In effetti si tratta di una pratica preislamica e precristiana. Il grande storico greco Erodoto (v secolo a.C.) racconta come fosse compiuta da fenici, ittiti, egizi ed etiopi. Anche ad Atene e Roma la si praticava: si chiudeva la vagina con una spilla (fibula) alle mogli dei soldati che partivano per la guerra, raccontano Strabone (I secolo a.C.) e Sorano di Efeso (I-II secolo d.C.).

C'è chi sostiene che persino Cleopatra fosse stata infibulata; del resto, una delle forme più devastanti di mutilazione si chiama 'faraonica' e risale evidentemente ai tempi dei faraoni. Non a caso, uno dei paesi più colpiti da questa piaga è proprio l'Egitto, dove la pratica continua a esistere anche dopo la messa al bando del 2008 in seguito alla reazione provocata dalla morte di una bambina di dodici anni sotto i ferri della mammana, avvenuta ad al-Minya il 14 giugno del 2007. Da allora il 14 giugno è stato proclamato Giornata contro le Mutilazioni genitali. La campagna contro le mutilazioni ha rischiato uno stop con l'arrivo al potere dei Fratelli musulmani (2012), che volevano depenalizzare le Mgf - e probabilmente l'avrebbero fatto, se non fosse stato sciolto il parlamento -; anzi, i salafiti ne volevano la legalizzazione. Nel gennaio del 2015 per la prima volta è stata emessa una sentenza di condanna contro un medico che aveva provocato la morte di una ragazza di tredici anni, Soheir al-Bataa, nel giugno del 2013: il medico è stato condannato a due anni di reclusione e a un'ammenda di 500 lire egiziane (55 euro); anche il padre è stato condannato a tre mesi di reclusione, ma se l'è cavata con la condizionale.

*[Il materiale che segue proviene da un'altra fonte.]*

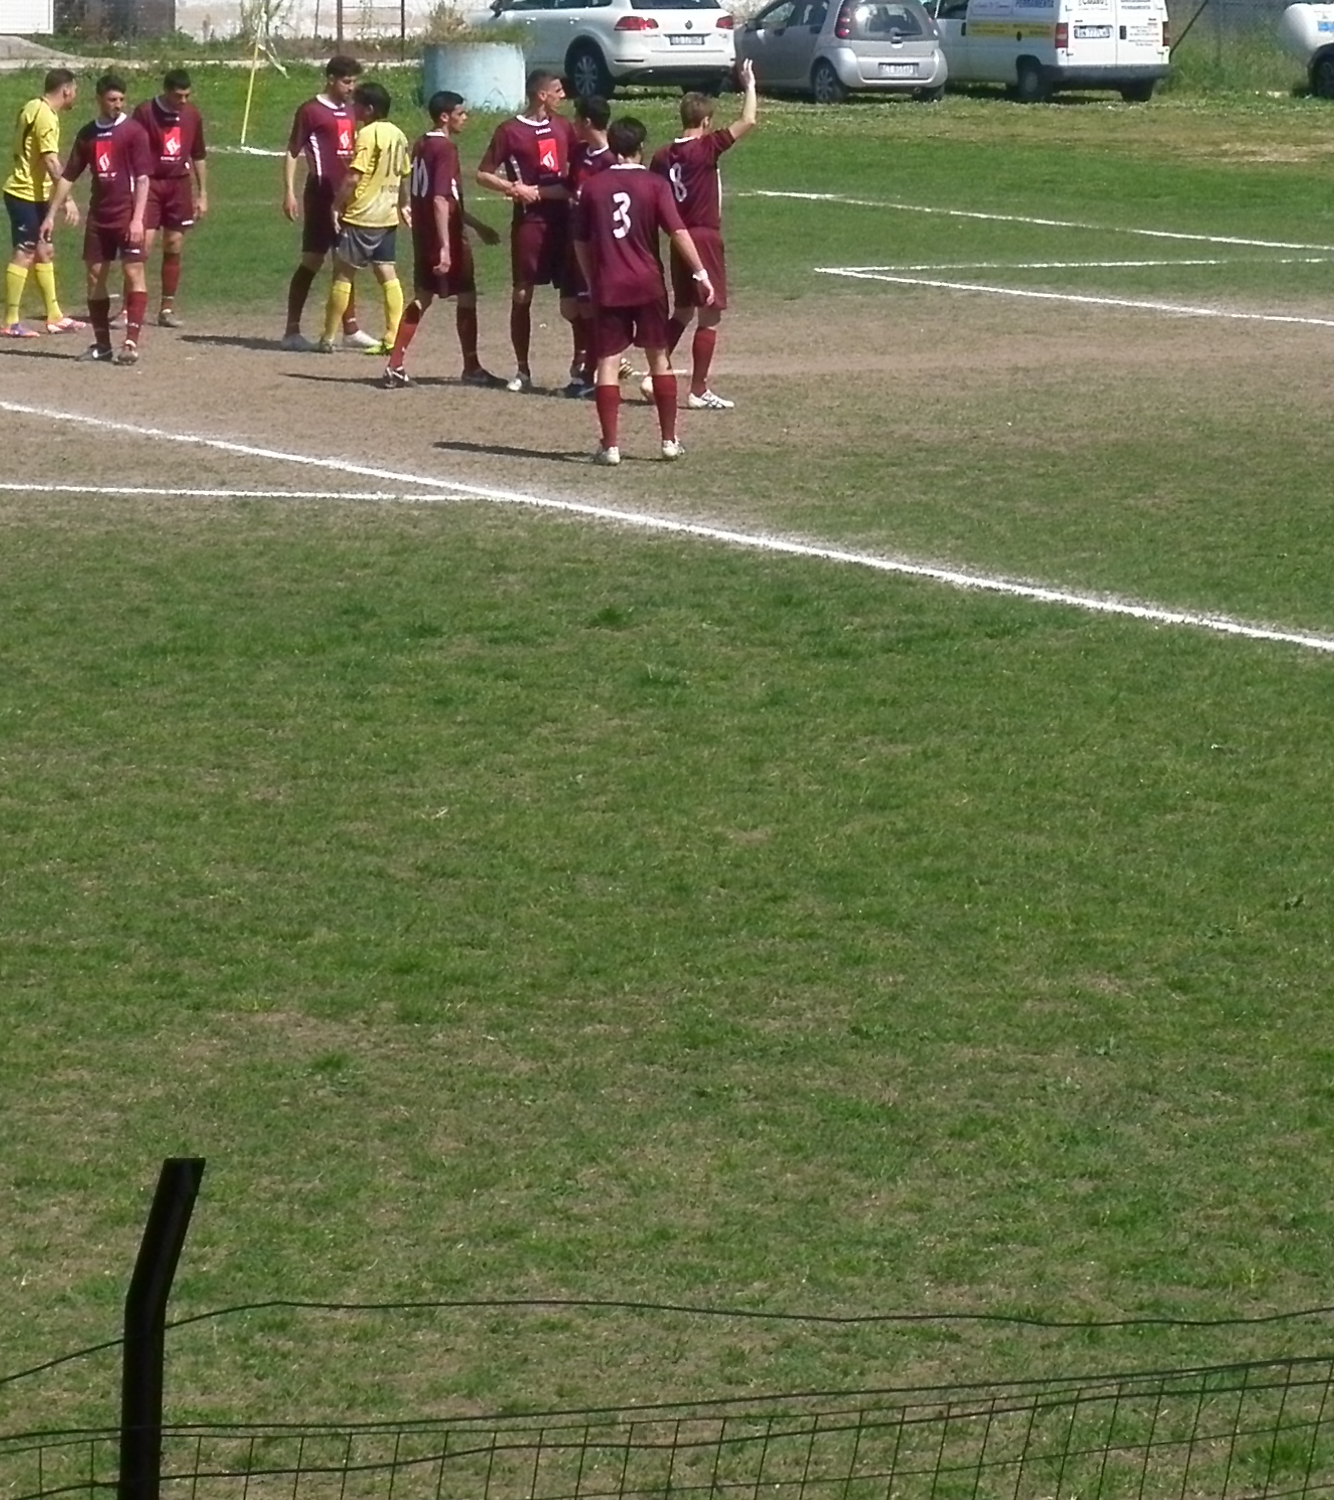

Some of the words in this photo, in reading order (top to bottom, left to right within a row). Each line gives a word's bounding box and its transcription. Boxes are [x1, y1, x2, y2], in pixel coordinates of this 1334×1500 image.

[385, 138, 406, 177] 10
[411, 156, 429, 197] 10
[670, 162, 687, 202] 8
[612, 191, 632, 239] 3

Il cristianesimo considera le mutilazioni un peccato contro la santità del corpo, e quindi le proibisce. Ma, come nell'islam, essendo l'infibulazione legata a culture precedenti la cristianizzazione, tale pratica si è conservata, soprattutto tra i copti (ortodossi e cattolici) d'Egitto e del Corno d'Africa, in Eritrea ed Etiopia.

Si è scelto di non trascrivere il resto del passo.